Excerpts from a dataset

== Segment start ==

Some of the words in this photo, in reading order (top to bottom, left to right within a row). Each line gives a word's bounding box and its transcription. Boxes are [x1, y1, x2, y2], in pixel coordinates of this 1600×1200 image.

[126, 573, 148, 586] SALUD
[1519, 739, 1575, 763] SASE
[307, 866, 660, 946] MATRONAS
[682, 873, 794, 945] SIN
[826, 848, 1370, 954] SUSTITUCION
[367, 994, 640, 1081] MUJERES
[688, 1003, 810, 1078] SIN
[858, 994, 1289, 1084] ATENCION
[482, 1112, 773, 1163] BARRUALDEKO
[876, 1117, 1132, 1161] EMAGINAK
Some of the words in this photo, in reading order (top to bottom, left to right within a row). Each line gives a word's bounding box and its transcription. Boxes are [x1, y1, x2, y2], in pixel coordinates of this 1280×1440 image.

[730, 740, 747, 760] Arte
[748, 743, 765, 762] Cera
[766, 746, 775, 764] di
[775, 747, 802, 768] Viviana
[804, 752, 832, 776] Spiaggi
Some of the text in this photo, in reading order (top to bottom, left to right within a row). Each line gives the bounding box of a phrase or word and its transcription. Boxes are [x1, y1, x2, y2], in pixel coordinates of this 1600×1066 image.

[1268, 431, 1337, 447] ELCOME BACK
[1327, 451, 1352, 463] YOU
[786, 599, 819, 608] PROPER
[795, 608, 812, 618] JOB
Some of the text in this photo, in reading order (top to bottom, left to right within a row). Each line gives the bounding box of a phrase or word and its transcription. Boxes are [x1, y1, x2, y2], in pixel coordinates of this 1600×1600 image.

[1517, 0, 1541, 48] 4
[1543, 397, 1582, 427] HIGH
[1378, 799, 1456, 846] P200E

== Segment end ==

Instructions for the task >>
Every record, start to finish: reproduce it word for word.

Your solution >>
Some of the words in this photo, in reading order (top to bottom, left to right within a row). Each line gives a word's bounding box and its transcription. Boxes are [x1, y1, x2, y2], in pixel coordinates of this 1600×1200 image.

[126, 573, 148, 586] SALUD
[1519, 739, 1575, 763] SASE
[307, 866, 660, 946] MATRONAS
[682, 873, 794, 945] SIN
[826, 848, 1370, 954] SUSTITUCION
[367, 994, 640, 1081] MUJERES
[688, 1003, 810, 1078] SIN
[858, 994, 1289, 1084] ATENCION
[482, 1112, 773, 1163] BARRUALDEKO
[876, 1117, 1132, 1161] EMAGINAK
Some of the words in this photo, in reading order (top to bottom, left to right within a row). Each line gives a word's bounding box and its transcription. Boxes are [x1, y1, x2, y2], in pixel coordinates of this 1280×1440 image.

[730, 740, 747, 760] Arte
[748, 743, 765, 762] Cera
[766, 746, 775, 764] di
[775, 747, 802, 768] Viviana
[804, 752, 832, 776] Spiaggi
Some of the text in this photo, in reading order (top to bottom, left to right within a row). Each line gives the bounding box of a phrase or word and its transcription. Boxes are [x1, y1, x2, y2], in pixel coordinates of this 1600×1066 image.

[1268, 431, 1337, 447] ELCOME BACK
[1327, 451, 1352, 463] YOU
[786, 599, 819, 608] PROPER
[795, 608, 812, 618] JOB
Some of the text in this photo, in reading order (top to bottom, left to right within a row). Each line gives the bounding box of a phrase or word and its transcription. Boxes are [x1, y1, x2, y2], in pixel coordinates of this 1600×1600 image.

[1517, 0, 1541, 48] 4
[1543, 397, 1582, 427] HIGH
[1378, 799, 1456, 846] P200E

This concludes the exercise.